To address this challenge, Vietnamese scientists, in collaboration with South Korean researchers from Myongji University, have developed an innovative solution known as the Red Spectrum Separation Concentrated Agrivoltaics system (RSSCA). This advanced model represents a major technological breakthrough because it is specifically designed to optimize both agricultural and energy outcomes rather than forcing a compromise between them.

The RSSCA system works by selectively separating the red wavelengths of sunlight—an essential spectrum for plant photosynthesis, particularly for crops like rice—and directing them to crops below, while the remaining light spectrum is concentrated and transferred to high-efficiency photovoltaic cells for electricity generation. This design allows plants to receive the most biologically valuable light while preserving, and even enhancing, solar energy production.

According to research findings, the RSSCA model achieved a photoelectric conversion efficiency of 31.2%, significantly outperforming traditional photovoltaic systems, which typically remain below 20%. Under similar environmental conditions, RSSCA can generate three to five times more electricity than standard solar systems while still meeting or exceeding optimal radiation thresholds for rice cultivation. This is particularly important for Vietnam, where rice remains a strategic crop central to food security, exports, and rural livelihoods.

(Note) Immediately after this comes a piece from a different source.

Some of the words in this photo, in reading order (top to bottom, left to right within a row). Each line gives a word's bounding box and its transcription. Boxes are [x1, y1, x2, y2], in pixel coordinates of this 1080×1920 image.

One of the system’s most important distinctions is its crop-specific design philosophy. Unlike many global agrivoltaic systems that are better suited for shade-tolerant vegetables or greenhouse crops, RSSCA was developed with tropical, sunlight-dependent crops in mind. By prioritizing rice as its primary research focus, Vietnamese scientists are addressing the realities of domestic agricultural structure rather than importing generic solutions.

This innovation holds especially strong potential for remote regions, islands, and off-grid rural communities where electricity infrastructure may be limited but agricultural land remains available. In such contexts, RSSCA could simultaneously support local food production, reduce energy poverty, and lower dependence on centralized power systems. It also presents opportunities for reducing agricultural production costs, increasing climate resilience, and diversifying farmer income through energy generation.

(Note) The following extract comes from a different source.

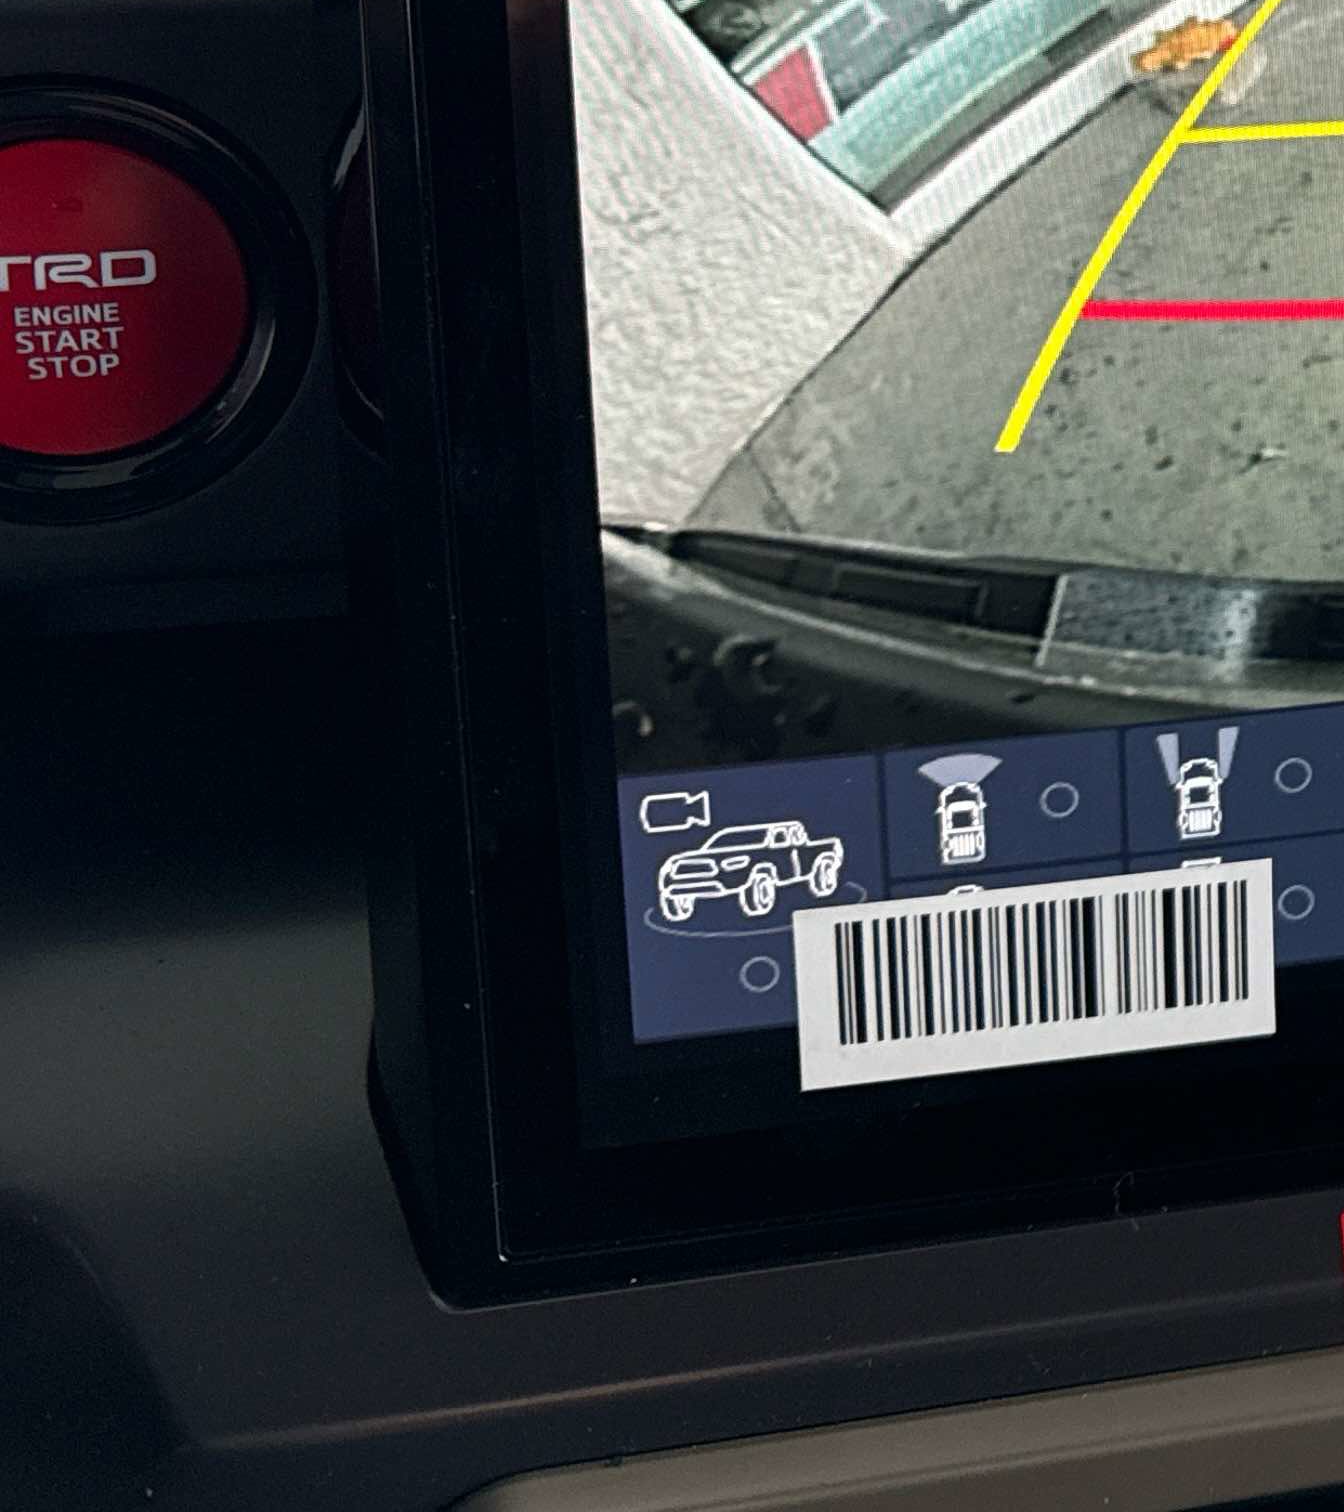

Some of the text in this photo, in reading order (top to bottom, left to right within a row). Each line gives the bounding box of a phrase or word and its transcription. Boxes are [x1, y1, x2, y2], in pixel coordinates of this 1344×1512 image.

[0, 248, 157, 291] TRD
[14, 302, 120, 327] ENGINE
[15, 326, 124, 355] START
[28, 354, 120, 380] STOP

Beyond its technical achievements, the project demonstrates the growing capacity of Vietnamese scientific institutions to engage in high-value innovation through international cooperation while maintaining domestic relevance. The success of RSSCA highlights how Vietnam can move from technology adoption toward technology creation—an essential step for strengthening national competitiveness in clean technology sectors.

The broader implications are equally significant. As climate change intensifies, agricultural systems worldwide face mounting pressure from drought, land scarcity, and volatile energy costs. Integrated solar-agriculture systems like RSSCA offer a compelling model for sustainable adaptation, especially in tropical and subtropical countries with abundant sunlight and agricultural dependence. For Vietnam, this is not simply about producing more electricity or more crops—it is about redesigning development systems to create synergy between food security, clean energy, and environmental sustainability.

Ultimately, solar-agriculture integration represents more than a technological experiment; it is a strategic blueprint for the future. By combining scientific innovation, agricultural priorities, and renewable energy development, Vietnam has the opportunity to become a leader in climate-smart agrivoltaic systems. If scaled effectively, technologies like RSSCA could redefine how developing agricultural nations approach both energy and food production in the decades ahead.